Twentysomething… Ironies and Conundrums

I have developed a wonderful set of tools that help me stay balanced, manage stress and cope with difficult experiences.
I still find myself occasionally reacting to stress or unpleasant surprises like a petulant child and/or eating an entire box of cookies. And a pint of ice cream. While crying.

I have learned the value of self-awareness, and I do believe I am becoming a better person for it.
Said self-awareness has also regrettably opened my eyes to the laundry list of things I have left to work on.

I have finally figured out how to achieve true emotional empathy in a relationship.
Unfortunately, I don’t want to marry a woman.

I am successfully balancing my career, relationships, social calendar, fitness routine, family commitments, travel and even a little bit of volunteer work.
I’m exhausted. And I don’t even have children yet.

I have found a wonderful exercise routine that makes me feel strong and energetic, has improved my balance and posture, and has helped me increase muscle tone.
The lower part of my thighs has gotten just toned and compact enough to accentuate saddlebags I didn’t even know I had.

I have a wonderful network of inspiring women in my life who have given me strength and guidance when I needed it the most.
I just didn’t expect to still need it so much at the age of 27.

I’m so relieved that I can finally afford to go home for Christmas without going broke, buy myself some nice work clothes, and even occasionally pamper myself.
For a while there, that discretionary income was dedicated to therapy, excessive tailoring bills attributed to stress-induced eating and/or starvation, and managing my hormone- induced acne.

Especially thanks to my wonderful niece and nephew, I feel myself inching closer and closer to being ready for motherhood.
I said inching. After 9 months of torture, it could take HOW LONG to get that thing out?

I’m in the best shape of my life.
After allowing myself to enjoy that achievement for approximately 6 minutes before turning my attention to the burrito that still camps out just below my beltline, I’ve realized that I may always be fat in my own mind.

I am at an age where I can laugh with my parents, enjoy their company and have mature, intelligent conversations with them.
Now I have to accept that they are real people, with faults and problems and weaknesses.
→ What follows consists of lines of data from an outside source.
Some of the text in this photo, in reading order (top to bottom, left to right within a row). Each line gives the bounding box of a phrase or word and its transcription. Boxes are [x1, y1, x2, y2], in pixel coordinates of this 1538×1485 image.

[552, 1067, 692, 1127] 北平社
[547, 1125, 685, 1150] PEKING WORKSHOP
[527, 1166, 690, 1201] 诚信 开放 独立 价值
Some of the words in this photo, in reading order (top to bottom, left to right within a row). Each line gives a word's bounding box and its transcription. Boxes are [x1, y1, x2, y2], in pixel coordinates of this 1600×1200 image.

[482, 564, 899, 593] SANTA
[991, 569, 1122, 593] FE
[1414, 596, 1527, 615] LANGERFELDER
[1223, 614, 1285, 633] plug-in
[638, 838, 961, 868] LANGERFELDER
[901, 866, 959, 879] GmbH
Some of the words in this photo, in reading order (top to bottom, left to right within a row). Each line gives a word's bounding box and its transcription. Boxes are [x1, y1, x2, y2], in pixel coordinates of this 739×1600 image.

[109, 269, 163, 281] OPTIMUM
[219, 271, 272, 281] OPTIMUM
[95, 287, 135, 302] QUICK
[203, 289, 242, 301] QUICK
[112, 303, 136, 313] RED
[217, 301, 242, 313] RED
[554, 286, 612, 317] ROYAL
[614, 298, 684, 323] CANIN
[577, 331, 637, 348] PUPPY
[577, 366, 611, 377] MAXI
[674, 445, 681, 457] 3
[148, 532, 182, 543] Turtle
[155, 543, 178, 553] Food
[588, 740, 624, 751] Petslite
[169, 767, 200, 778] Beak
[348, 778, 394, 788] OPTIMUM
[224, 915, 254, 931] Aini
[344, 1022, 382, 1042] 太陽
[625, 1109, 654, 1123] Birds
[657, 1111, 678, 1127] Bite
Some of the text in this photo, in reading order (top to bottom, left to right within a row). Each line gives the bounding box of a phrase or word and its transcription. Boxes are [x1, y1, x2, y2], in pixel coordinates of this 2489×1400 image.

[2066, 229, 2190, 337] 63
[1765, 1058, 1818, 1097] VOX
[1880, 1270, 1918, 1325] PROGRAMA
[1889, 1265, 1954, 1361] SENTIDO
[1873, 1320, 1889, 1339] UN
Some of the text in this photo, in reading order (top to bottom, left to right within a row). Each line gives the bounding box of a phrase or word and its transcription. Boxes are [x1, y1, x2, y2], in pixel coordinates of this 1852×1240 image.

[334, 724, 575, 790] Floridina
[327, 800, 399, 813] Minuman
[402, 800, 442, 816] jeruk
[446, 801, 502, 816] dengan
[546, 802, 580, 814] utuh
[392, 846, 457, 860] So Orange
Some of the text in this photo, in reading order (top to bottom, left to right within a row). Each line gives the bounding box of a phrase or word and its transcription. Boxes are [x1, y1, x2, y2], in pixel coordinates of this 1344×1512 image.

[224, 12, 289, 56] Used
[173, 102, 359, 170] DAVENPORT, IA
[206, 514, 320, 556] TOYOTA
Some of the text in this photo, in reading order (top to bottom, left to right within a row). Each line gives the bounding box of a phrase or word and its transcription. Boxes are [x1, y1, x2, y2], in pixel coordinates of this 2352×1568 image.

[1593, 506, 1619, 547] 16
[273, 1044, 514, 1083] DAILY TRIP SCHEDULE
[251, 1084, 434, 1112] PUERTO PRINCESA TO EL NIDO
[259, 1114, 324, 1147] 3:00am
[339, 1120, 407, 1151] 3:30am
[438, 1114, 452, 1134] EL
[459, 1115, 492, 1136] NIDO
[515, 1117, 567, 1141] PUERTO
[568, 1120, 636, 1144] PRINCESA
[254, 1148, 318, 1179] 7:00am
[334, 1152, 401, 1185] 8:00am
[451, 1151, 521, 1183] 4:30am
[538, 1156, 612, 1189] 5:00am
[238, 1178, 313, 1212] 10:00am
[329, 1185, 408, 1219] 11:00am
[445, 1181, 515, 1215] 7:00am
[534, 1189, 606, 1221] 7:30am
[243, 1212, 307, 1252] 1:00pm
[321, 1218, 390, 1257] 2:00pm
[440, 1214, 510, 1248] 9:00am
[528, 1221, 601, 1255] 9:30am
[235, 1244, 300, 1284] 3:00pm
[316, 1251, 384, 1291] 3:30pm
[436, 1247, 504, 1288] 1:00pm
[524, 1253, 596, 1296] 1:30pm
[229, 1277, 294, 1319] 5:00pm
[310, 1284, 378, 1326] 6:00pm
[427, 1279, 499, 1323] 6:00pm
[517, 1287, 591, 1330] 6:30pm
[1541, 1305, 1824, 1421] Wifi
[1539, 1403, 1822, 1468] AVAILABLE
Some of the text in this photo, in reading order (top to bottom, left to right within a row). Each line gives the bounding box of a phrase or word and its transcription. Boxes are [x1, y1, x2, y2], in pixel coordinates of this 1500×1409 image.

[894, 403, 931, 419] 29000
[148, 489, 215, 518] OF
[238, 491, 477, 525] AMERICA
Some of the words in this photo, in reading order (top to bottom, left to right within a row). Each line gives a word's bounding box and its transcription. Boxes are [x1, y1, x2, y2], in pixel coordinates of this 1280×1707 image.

Acknowledging that men and women simply operate on different wavelengths and have dissimilar thought processes has helped me be a more patient, amicable mate.
Sometimes I get so frustrated and angry that the crazy forces its way out of my mouth faster than I can slam it shut.

I have finally realized what a useless waste of energy worrying is.
I’m just worried I’ll never figure out how to stop.

Although I had to learn the importance of finding the best doctors the hard way, I am pleased to have finally found a competent, thorough Dermatologist with an agreeable bedside manner.
She found $20,000 worth of “laser treatment-worthy” spider veins I never knew I had.

My healthy, balanced, protein-rich diet has led to a full, thick head of hair.
Is that cute little peach fuzz on my face moving in the same direction?

I’m becoming wise enough to acknowledge and learn from my own mistakes and missteps.
The only trouble is, I haven’t quite figured out how to keep myself from repeating a lot of them.